As model_selection.GridSearchCV uses set_params to apply parameter setting to estimators, it is essential that calling set_params has the same effect as setting parameters using the __init__ method. The easiest and recommended way to accomplish this is to not do any parameter validation in __init__. All logic behind estimator parameters, like translating string arguments into functions, should be done in fit.

Also it is expected that parameters with trailing _ are not to be set inside the __init__ method. All and only the public attributes set by fit have a trailing _. As a result the existence of parameters with trailing _ is used to check if the estimator has been fitted.

Cloning

For use with the model_selection module, an estimator must support the base.clone function to replicate an estimator. This can be done by providing a get_params method. If get_params is present, then clone(estimator) will be an instance of type(estimator) on which set_params has been called with clones of the result of estimator.get_params().

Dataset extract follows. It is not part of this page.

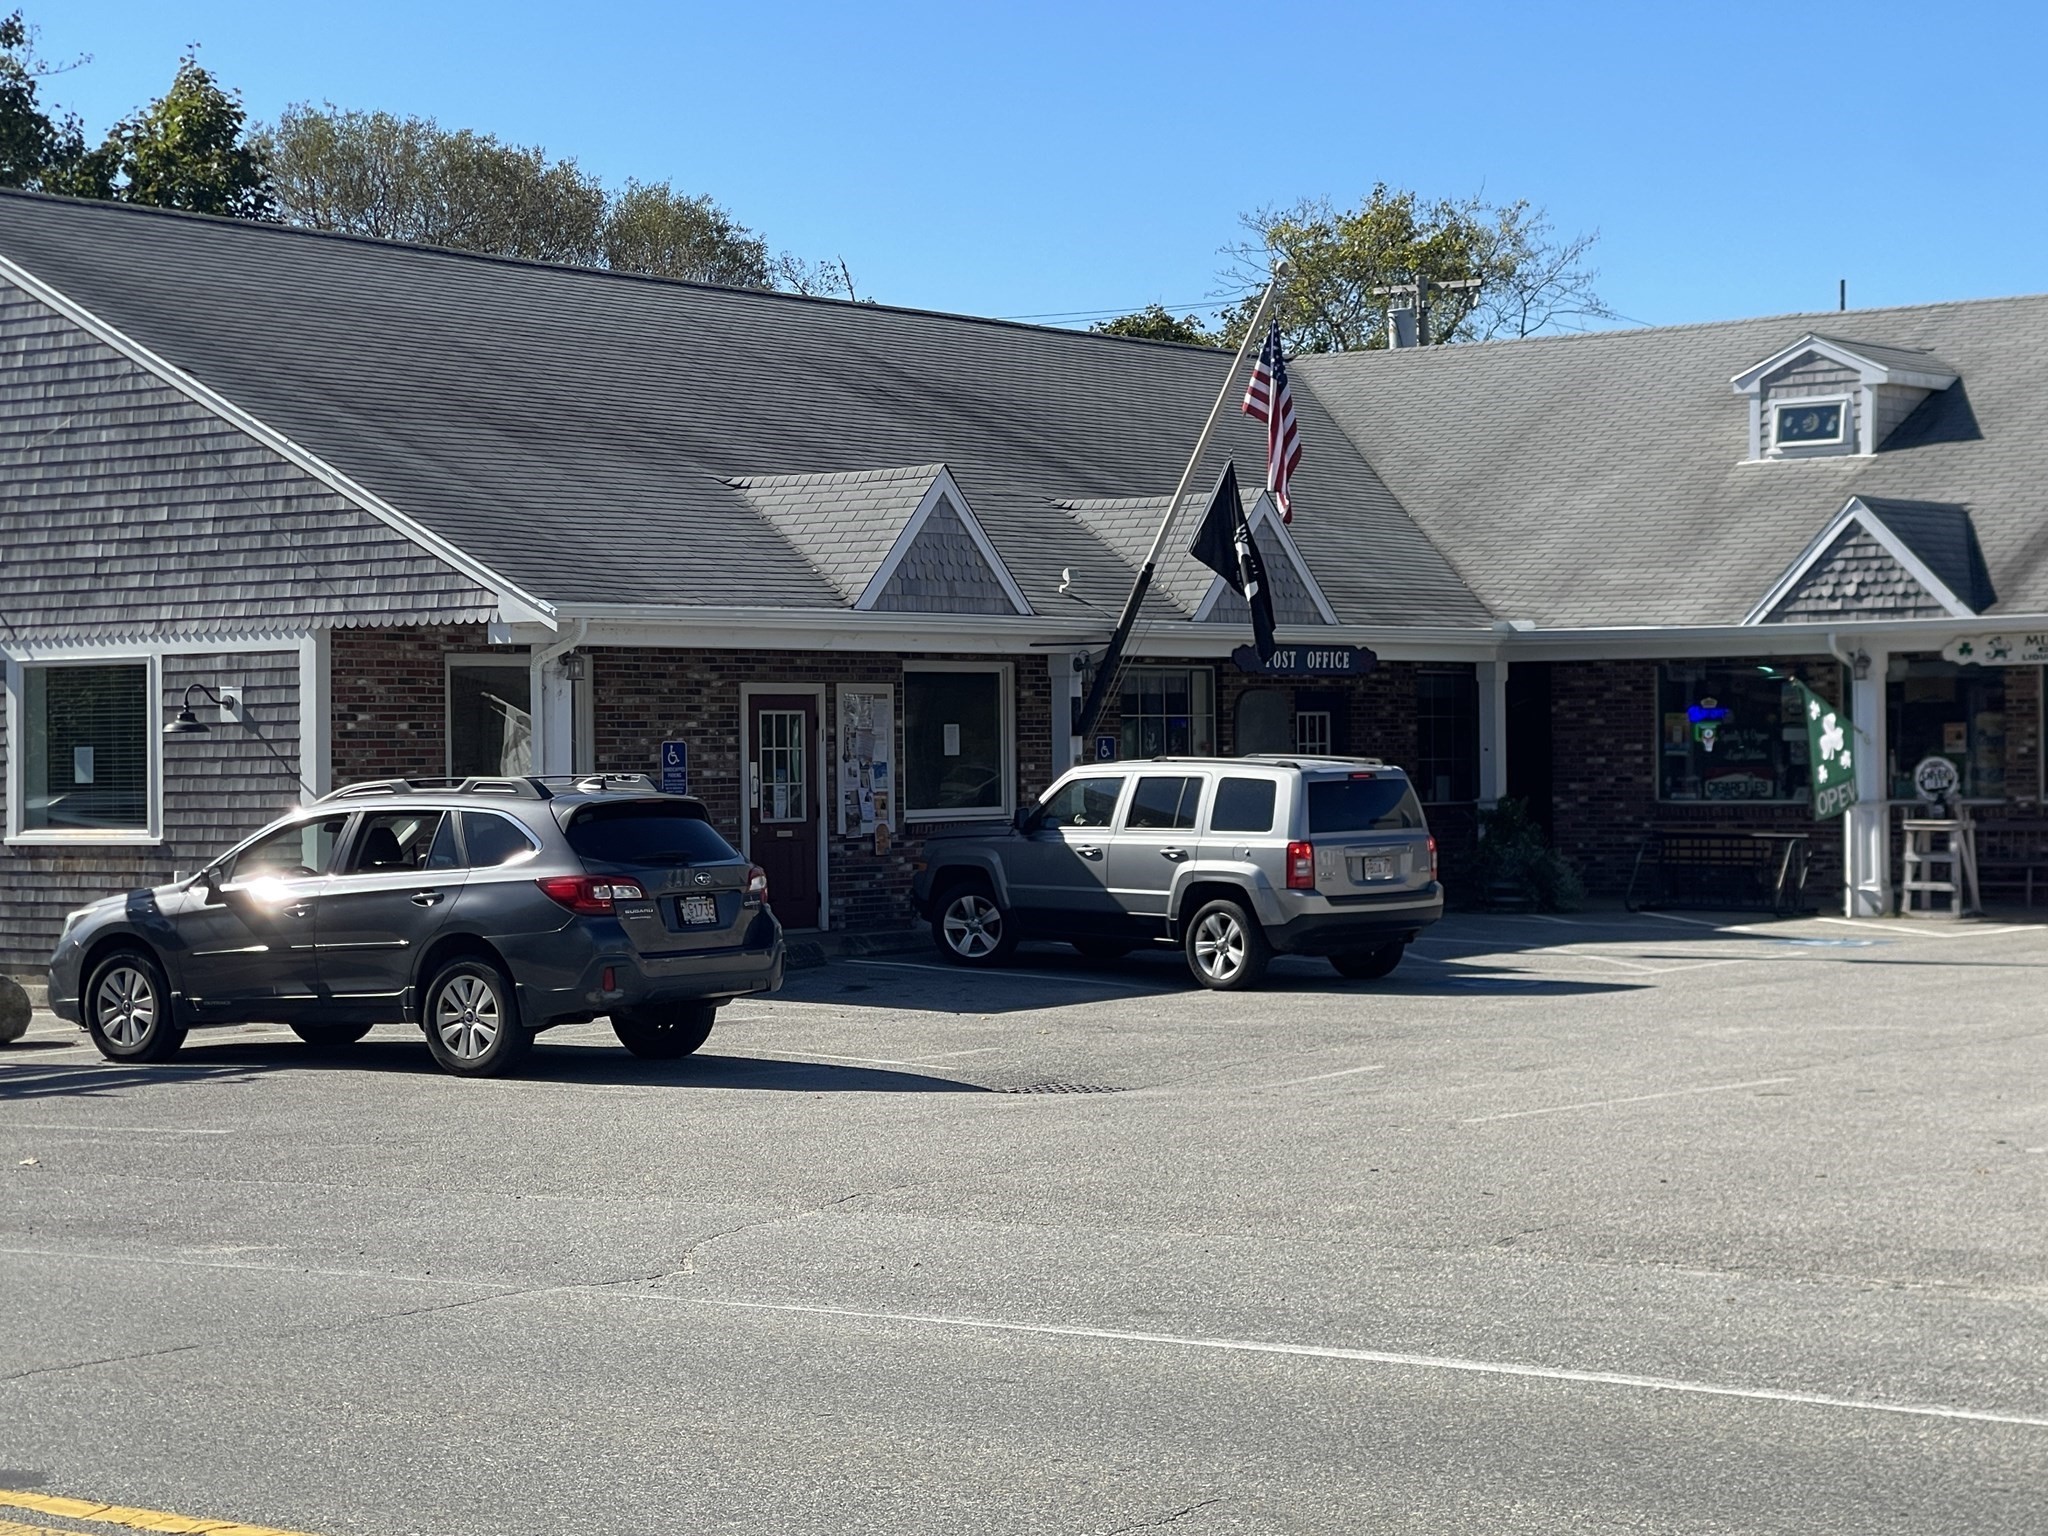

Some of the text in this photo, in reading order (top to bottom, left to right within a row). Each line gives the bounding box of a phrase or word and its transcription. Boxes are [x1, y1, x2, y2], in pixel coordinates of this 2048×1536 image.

Objects that do not provide this method will be deep-copied (using the Python standard function copy.deepcopy) if safe=False is passed to clone.

Pipeline compatibility

For an estimator to be usable together with pipeline.Pipeline in any but the last step, it needs to provide a fit or fit_transform function. To be able to evaluate the pipeline on any data but the training set, it also needs to provide a transform function. There are no special requirements for the last step in a pipeline, except that it has a fit function. All fit and fit_transform functions must take arguments X, y, even if y is not used. Similarly, for score to be usable, the last step of the pipeline needs to have a score function that accepts an optional y.

Estimator types

Some common functionality depends on the kind of estimator passed. For example, cross-validation in model_selection.GridSearchCV and model_selection.cross_val_score defaults to being stratified when used on a classifier, but not otherwise. Similarly, scorers for average precision that take a continuous prediction need to call decision_function for classifiers, but predict for regressors. This distinction between classifiers and regressors is implemented using the _estimator_type attribute, which takes a string value. It should be "classifier" for classifiers and "regressor" for regressors and "clusterer" for clustering methods, to work as expected. Inheriting from ClassifierMixin, RegressorMixin or ClusterMixin will set the attribute automatically.

Working notes

For unresolved issues, TODOs, and remarks on ongoing work, developers are advised to maintain notes on the GitHub wiki.

Specific models

Classifiers should accept y (target) arguments to fit that are sequences (lists, arrays) of either strings or integers. They should not assume that the class labels are a contiguous range of integers; instead, they should store a list of classes in a classes_ attribute or property. The order of class labels in this attribute should match the order in which predict_proba, predict_log_proba and decision_function return their values. The easiest way to achieve this is to put:

self.classes_, y = np.unique(y, return_inverse=True)

in fit. This returns a new y that contains class indexes, rather than labels, in the range [0, n_classes).

A classifier’s predict method should return arrays containing class labels from classes_. In a classifier that implements decision_function, this can be achieved with:

def predict(self, X):
    D = self.decision_function(X)
    return self.classes_[np.argmax(D, axis=1)]

In linear models, coefficients are stored in an array called coef_, and the independent term is stored in intercept_. sklearn.linear_model.base contains a few base classes and mixins that implement common linear model patterns.

The sklearn.utils.multiclass module contains useful functions for working with multiclass and multilabel problems.